* _THE PROBLEM_
From the first line to the last, retype the records exactly without their images.

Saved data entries
---*---

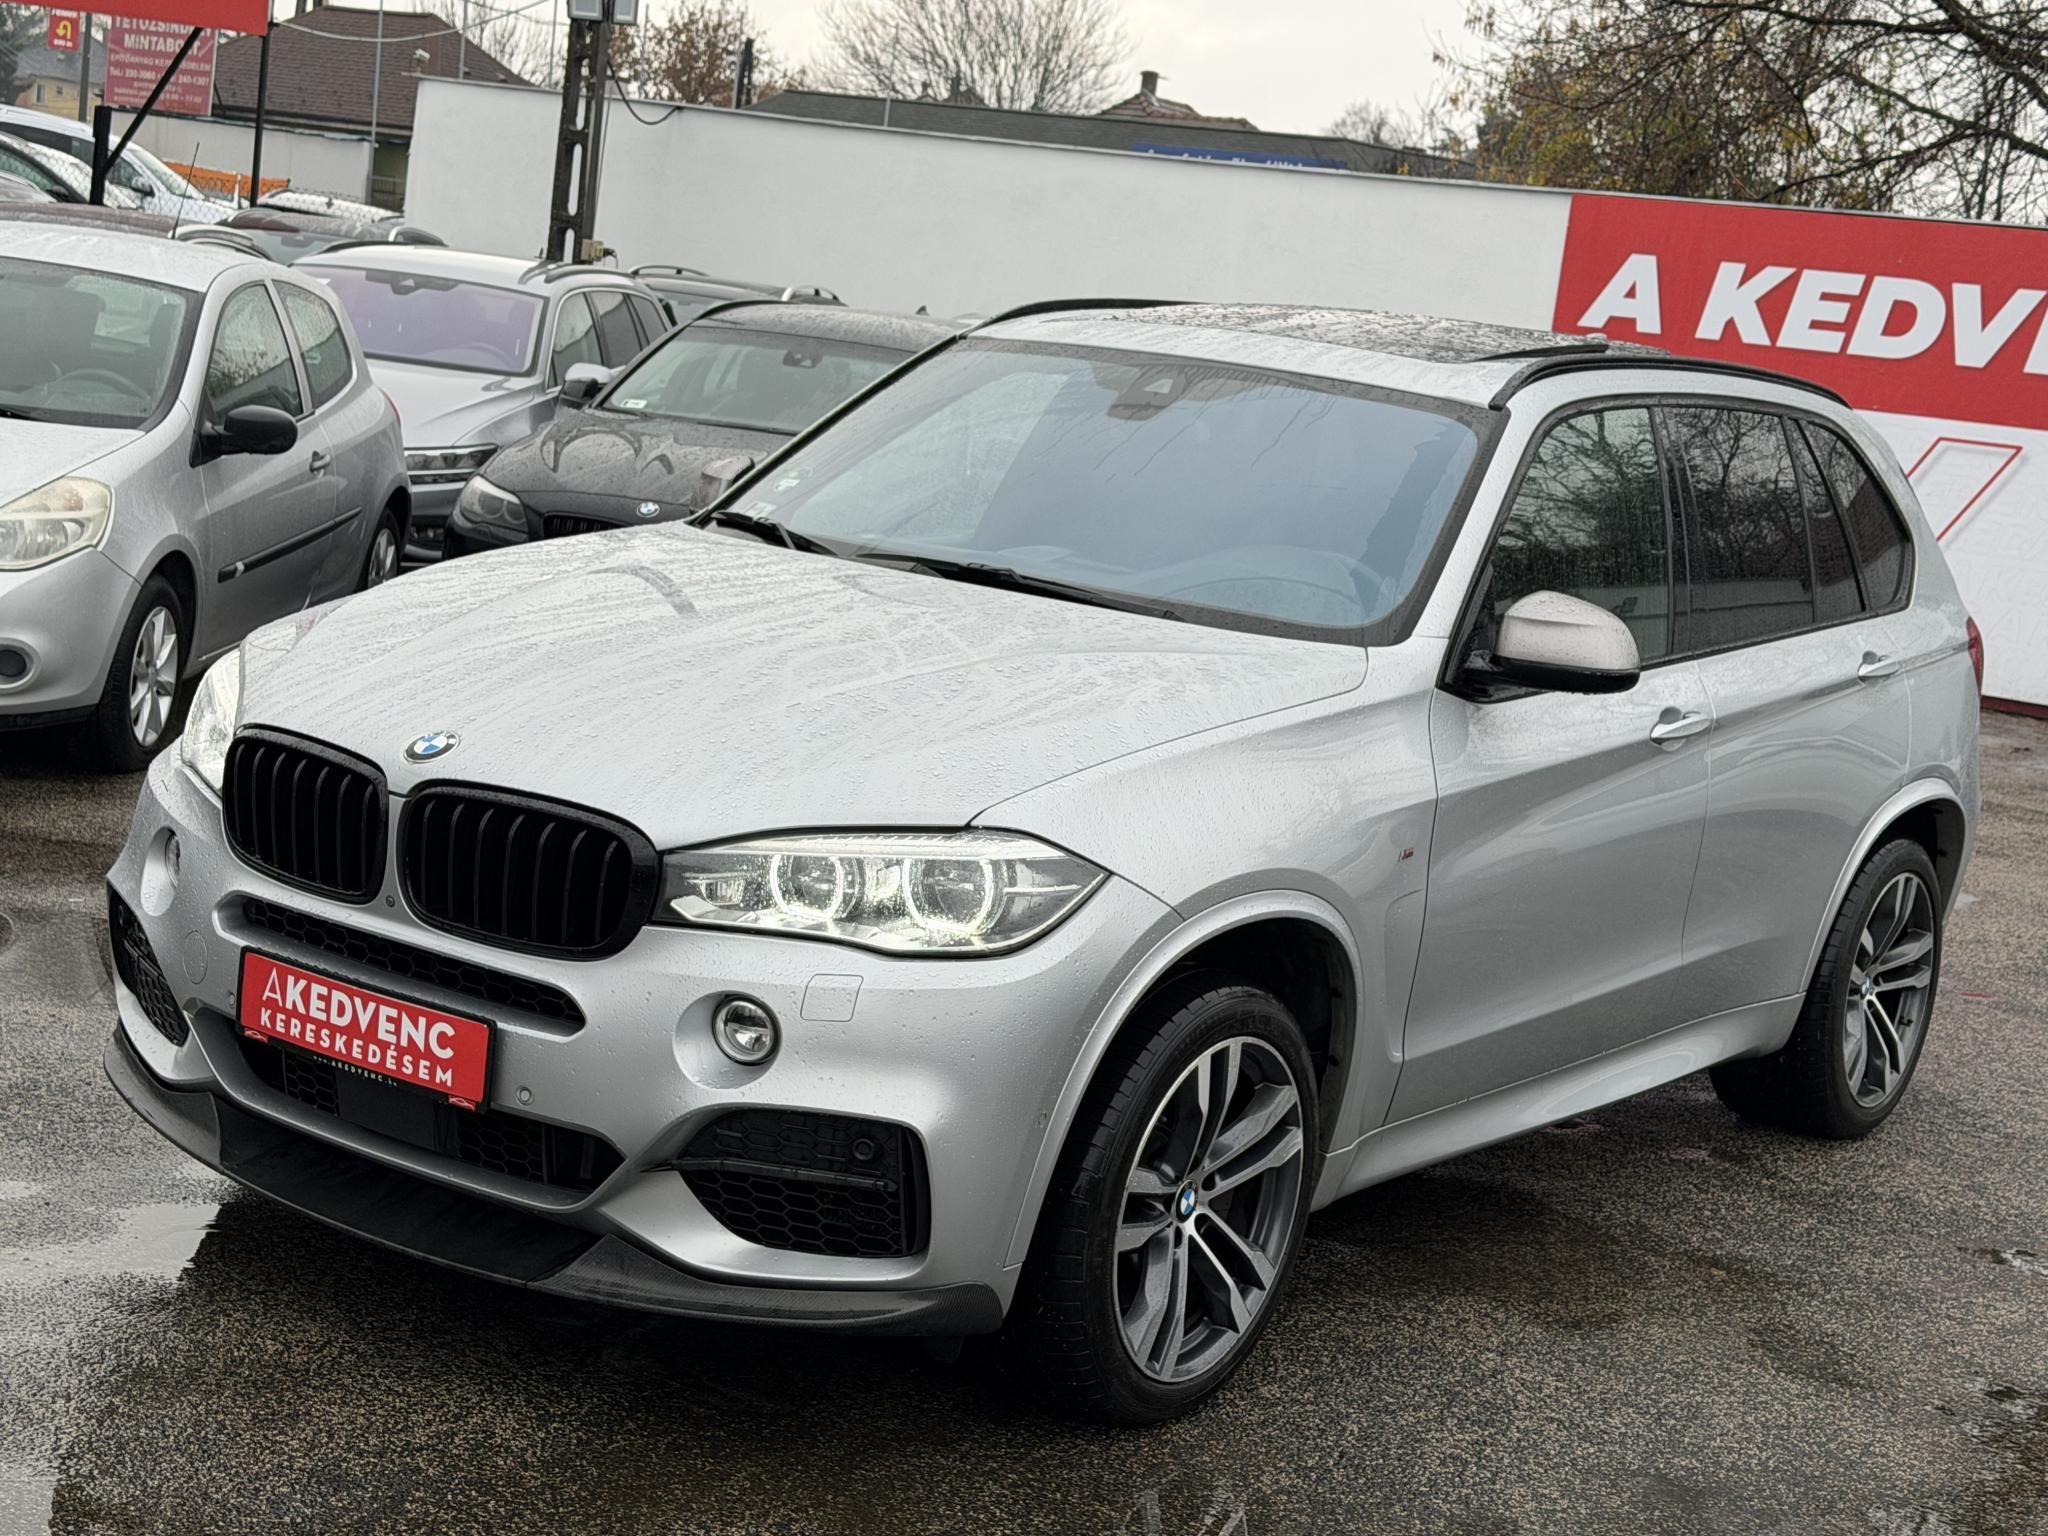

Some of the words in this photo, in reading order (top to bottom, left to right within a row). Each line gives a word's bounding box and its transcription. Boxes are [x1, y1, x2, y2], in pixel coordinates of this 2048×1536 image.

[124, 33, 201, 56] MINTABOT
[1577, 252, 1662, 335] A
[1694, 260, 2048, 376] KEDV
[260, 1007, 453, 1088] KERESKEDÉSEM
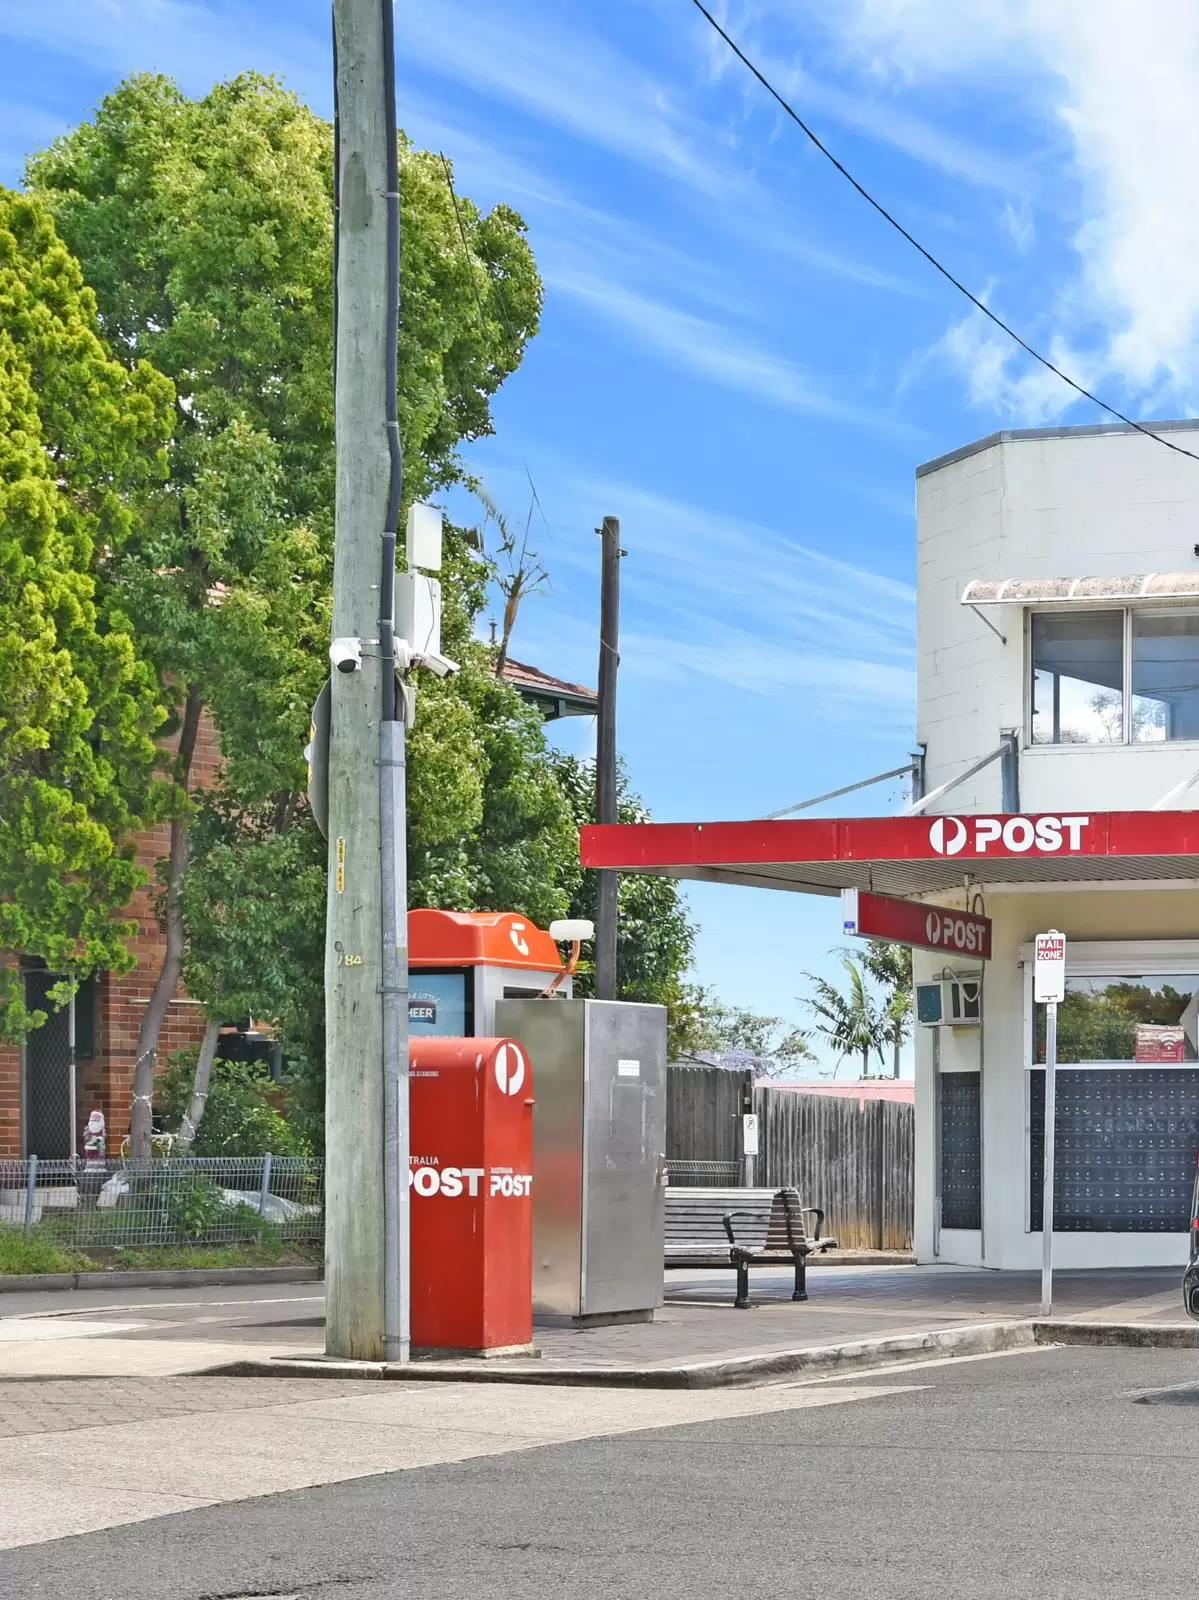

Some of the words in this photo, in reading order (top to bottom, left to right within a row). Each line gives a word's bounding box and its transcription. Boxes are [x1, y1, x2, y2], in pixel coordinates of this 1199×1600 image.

---*---

* _RESPONSE FOR THIS EXERCISE_
Some of the words in this photo, in reading order (top to bottom, left to right within a row). Each line gives a word's bounding box and its transcription. Boxes are [x1, y1, x2, y2], in pixel coordinates of this 2048×1536 image.

[124, 33, 201, 56] MINTABOT
[1577, 252, 1662, 335] A
[1694, 260, 2048, 376] KEDV
[260, 1007, 453, 1088] KERESKEDÉSEM

Some of the words in this photo, in reading order (top to bottom, left to right within a row). Each line gives a word's bounding box and its transcription. Boxes are [x1, y1, x2, y2], in pixel coordinates of this 1199×1600 image.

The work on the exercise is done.